I became interested in Sarny, when I happened to trip over the name of this place in the newspapers, and in the accounting that flowed from this I would read quite a bit about the town the city, and its Jewish community, about the Jewish experience there, and about the youth, and the Zionist movement in it. I could not explain to myself what it was that generated my 'unique interest' in Sarny. I thought that this interest had roots in childhood impressions of mine: during the days of my wandering, I would hear the call of the railroad conductor, in one location or another, when he would announce: the first ring of the train, Sarny-Kovel'... but when I read the listings about Sarny in the 'Wolhyn Compendium,' these things became vague to me.

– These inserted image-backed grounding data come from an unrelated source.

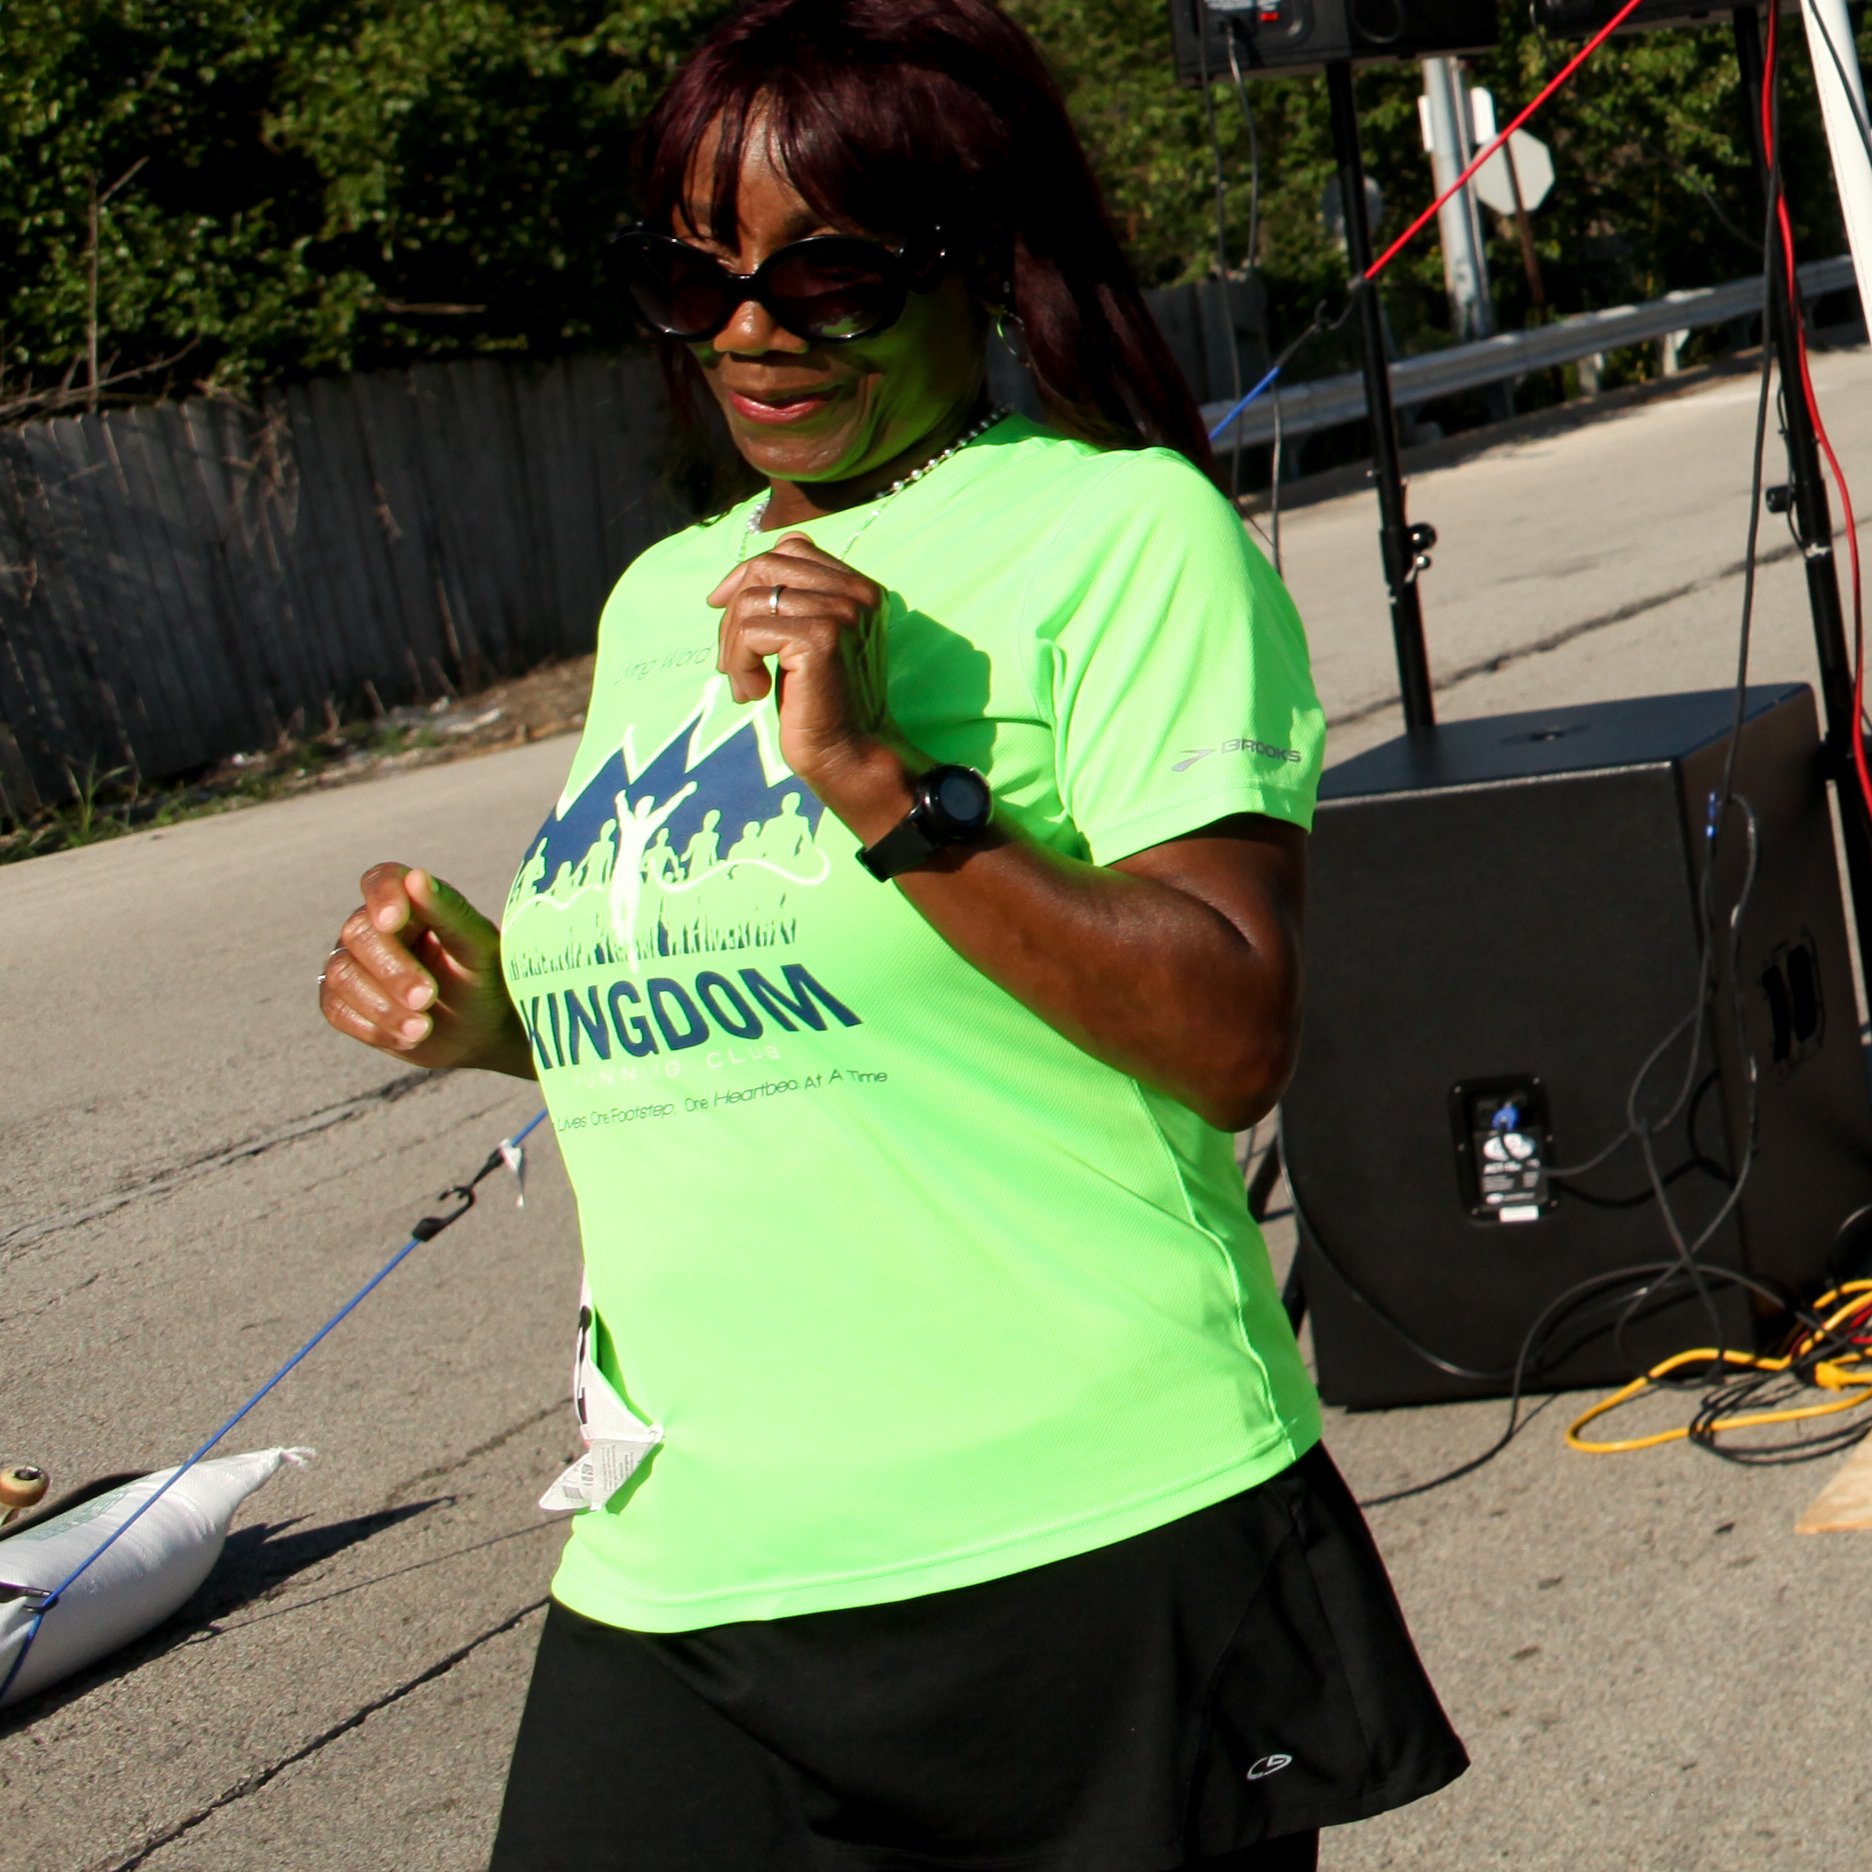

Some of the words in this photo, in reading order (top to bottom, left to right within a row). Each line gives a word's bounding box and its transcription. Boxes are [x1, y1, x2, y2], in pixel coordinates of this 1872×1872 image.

[1221, 738, 1301, 762] BROOKS
[520, 963, 863, 1070] KINGDOM
[707, 1045, 782, 1069] CLUB
[713, 1079, 800, 1109] Heartbea
[803, 1073, 823, 1089] At
[828, 1069, 844, 1084] A
[846, 1069, 888, 1084] Time
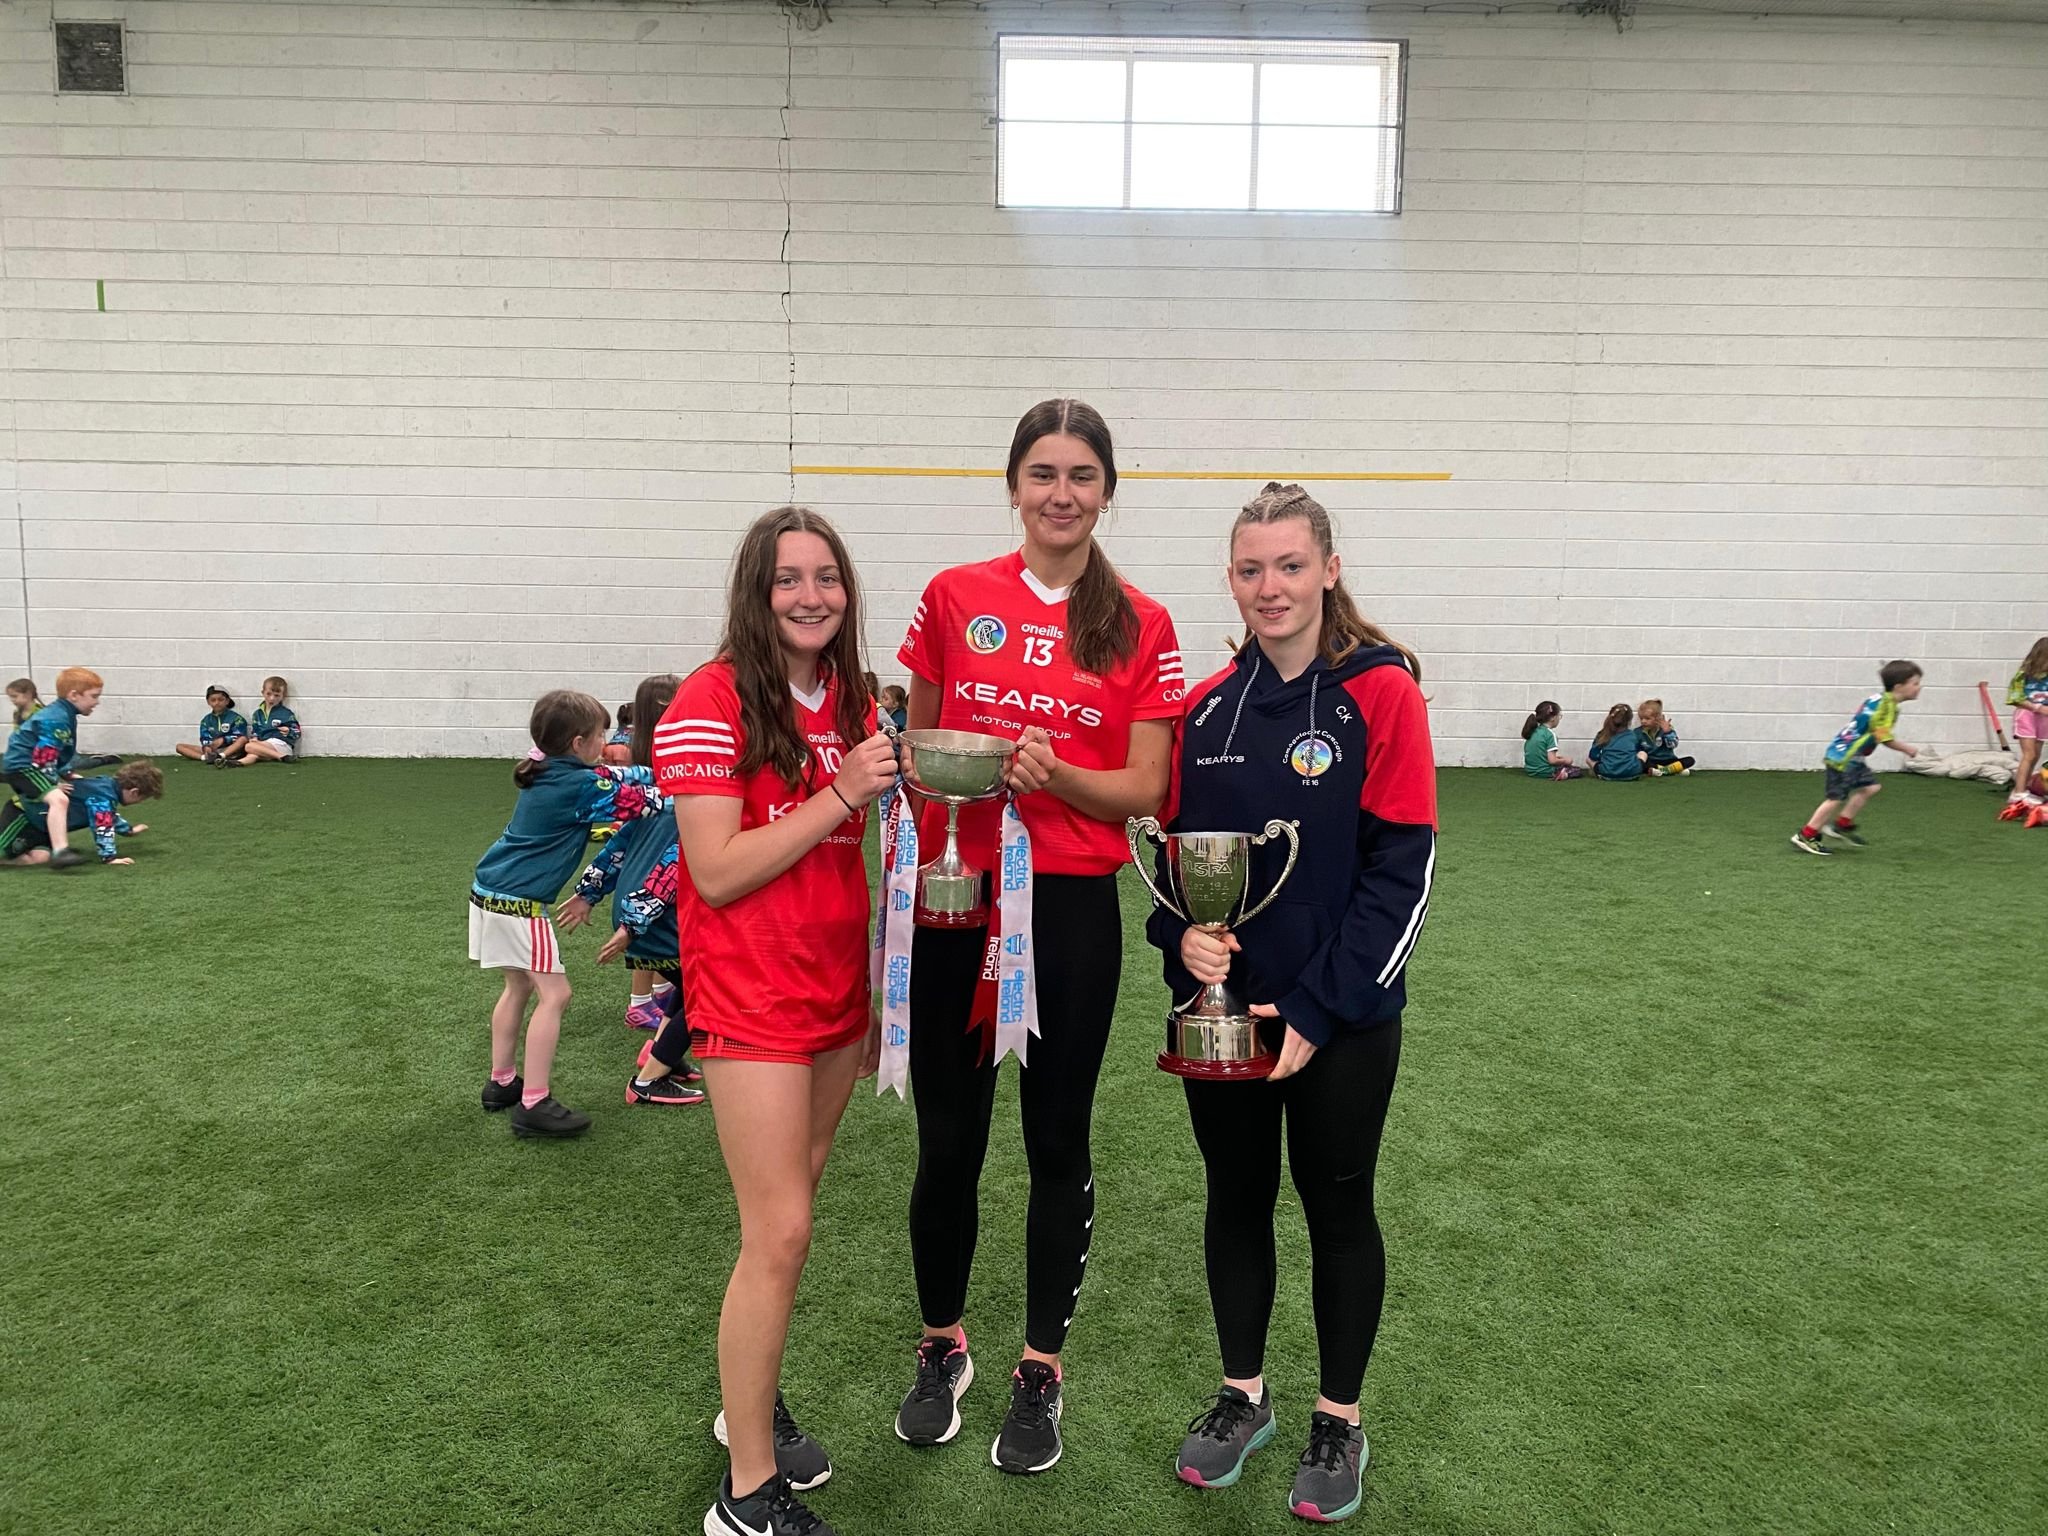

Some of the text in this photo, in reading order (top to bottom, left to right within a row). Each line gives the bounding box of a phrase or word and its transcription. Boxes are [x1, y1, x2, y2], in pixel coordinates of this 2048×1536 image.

[1023, 636, 1056, 667] 13
[955, 680, 1103, 727] KEARYS
[972, 714, 1022, 730] MOTOR
[816, 746, 844, 774] 10
[1196, 755, 1245, 766] KEARYS
[903, 819, 917, 867] Ireland
[1016, 835, 1029, 890] electric
[1003, 845, 1017, 891] Ireland
[897, 955, 910, 1004] Ireland
[982, 936, 1001, 981] Ireland
[887, 955, 899, 1010] electric
[1000, 979, 1014, 1024] Ireland
[1012, 969, 1025, 1023] electric
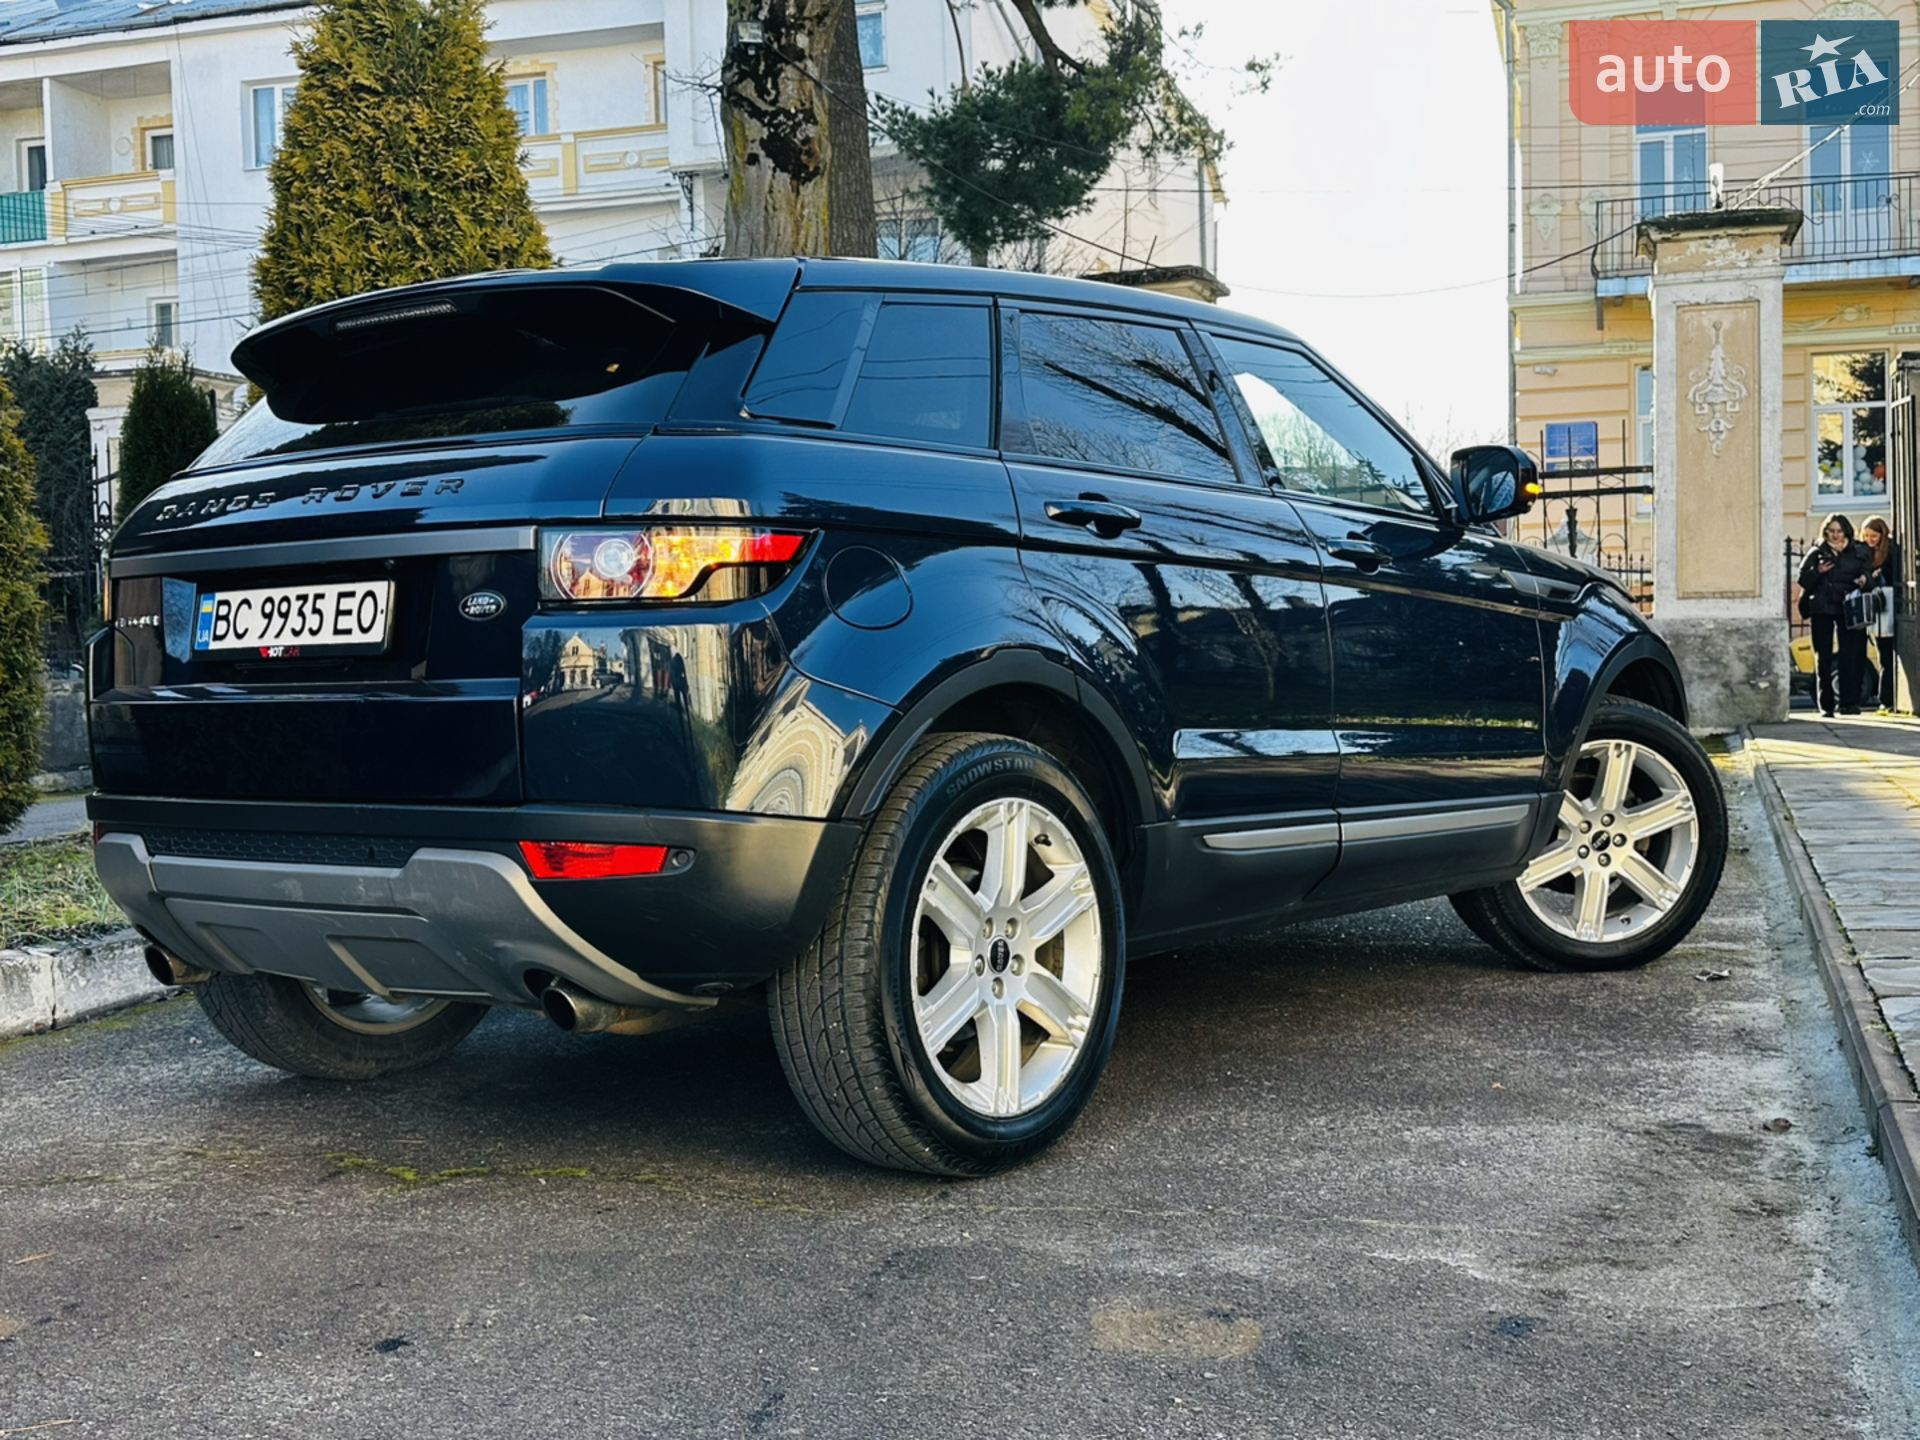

The Sarny community is a young one. It's entire existence are comprised of only one generation. Its genesis came to me, and already in those days, this genesis seemed to me to be 'symbolic,' something unique, into which were enfolded many periods that hinted at the form of 'the Diaspora and its communities.'
There is a date for when Sarny came into being: May 10, 1903, three weeks after the pogroms at Kishinev. The Russian Interior Minister, Plehve, who was held responsible for the pogroms by Russian public opinion and in the world at large, as well as for the murders and those who perpetrated them, wanted to 'tamp down' in some measure, the 'severity of the impression' that this made, and also to demonstrate some sense of 'concession' to the Jews. On May 10, 1903, a list of villages was published that were called 'towns,' and Jews were given permission to live tin them. Among these 110 villages, and the 32 in this specific list, was Sarny.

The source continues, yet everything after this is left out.